╭──

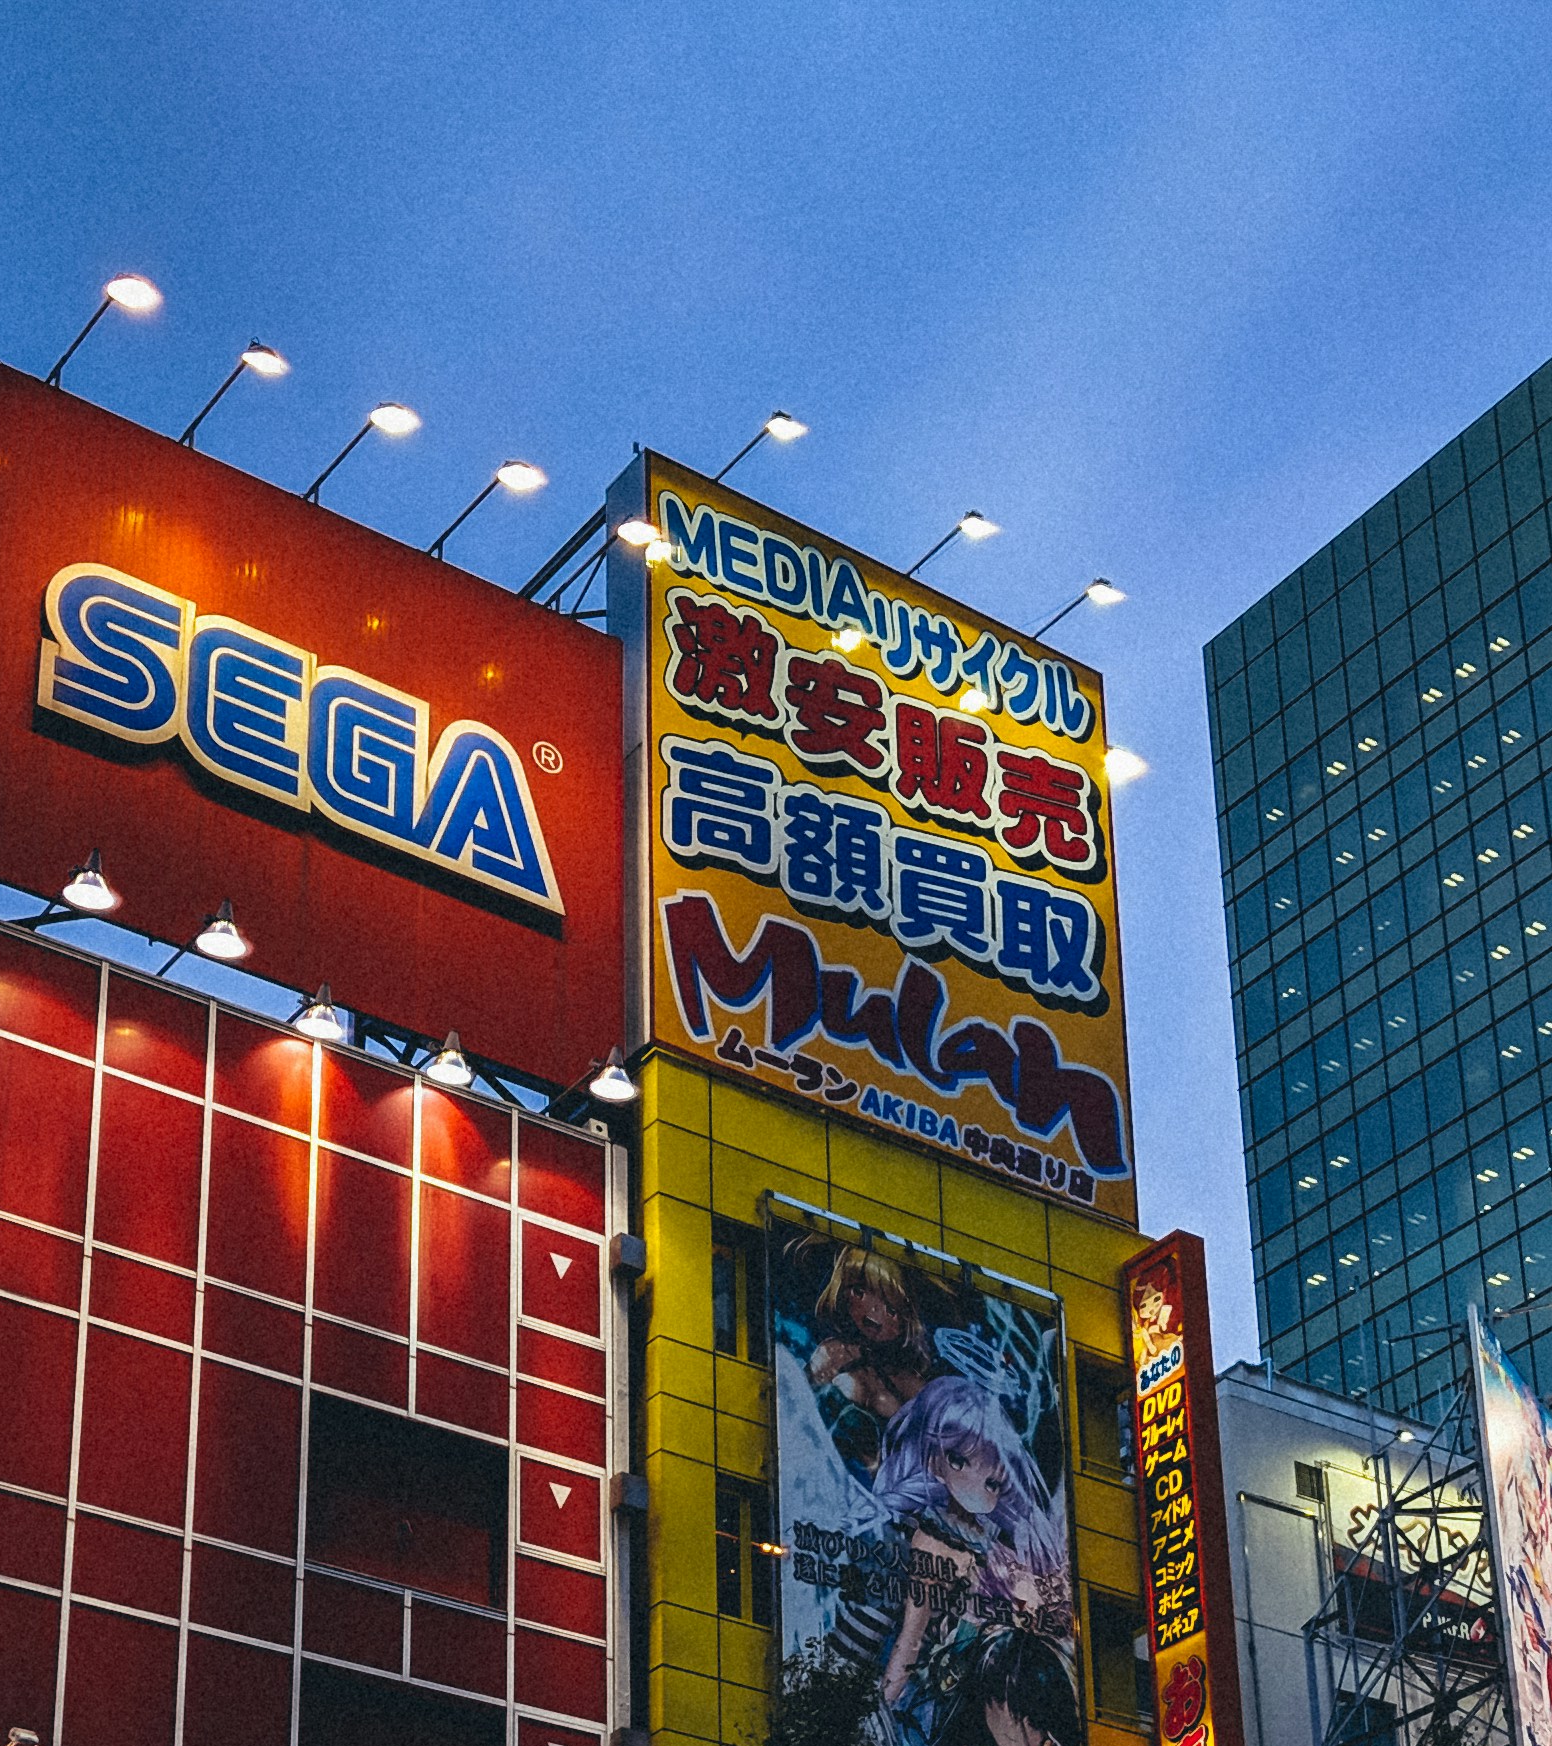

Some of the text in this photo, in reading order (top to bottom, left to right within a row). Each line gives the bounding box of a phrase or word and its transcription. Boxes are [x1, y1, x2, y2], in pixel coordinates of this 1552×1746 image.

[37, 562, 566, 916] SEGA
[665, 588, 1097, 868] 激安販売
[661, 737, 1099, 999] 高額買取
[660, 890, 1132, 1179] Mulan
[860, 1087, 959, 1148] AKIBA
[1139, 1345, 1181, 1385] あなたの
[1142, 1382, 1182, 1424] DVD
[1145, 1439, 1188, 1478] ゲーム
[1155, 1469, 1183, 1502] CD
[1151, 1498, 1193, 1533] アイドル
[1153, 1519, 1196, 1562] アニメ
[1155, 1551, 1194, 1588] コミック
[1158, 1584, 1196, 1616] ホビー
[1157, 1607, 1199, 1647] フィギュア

╰──

Work required |
Return the complete material exactly as it appears, without images.

Written response |
Some of the text in this photo, in reading order (top to bottom, left to right within a row). Each line gives the bounding box of a phrase or word and its transcription. Boxes are [x1, y1, x2, y2], in pixel coordinates of this 1552×1746 image.

[37, 562, 566, 916] SEGA
[665, 588, 1097, 868] 激安販売
[661, 737, 1099, 999] 高額買取
[660, 890, 1132, 1179] Mulan
[860, 1087, 959, 1148] AKIBA
[1139, 1345, 1181, 1385] あなたの
[1142, 1382, 1182, 1424] DVD
[1145, 1439, 1188, 1478] ゲーム
[1155, 1469, 1183, 1502] CD
[1151, 1498, 1193, 1533] アイドル
[1153, 1519, 1196, 1562] アニメ
[1155, 1551, 1194, 1588] コミック
[1158, 1584, 1196, 1616] ホビー
[1157, 1607, 1199, 1647] フィギュア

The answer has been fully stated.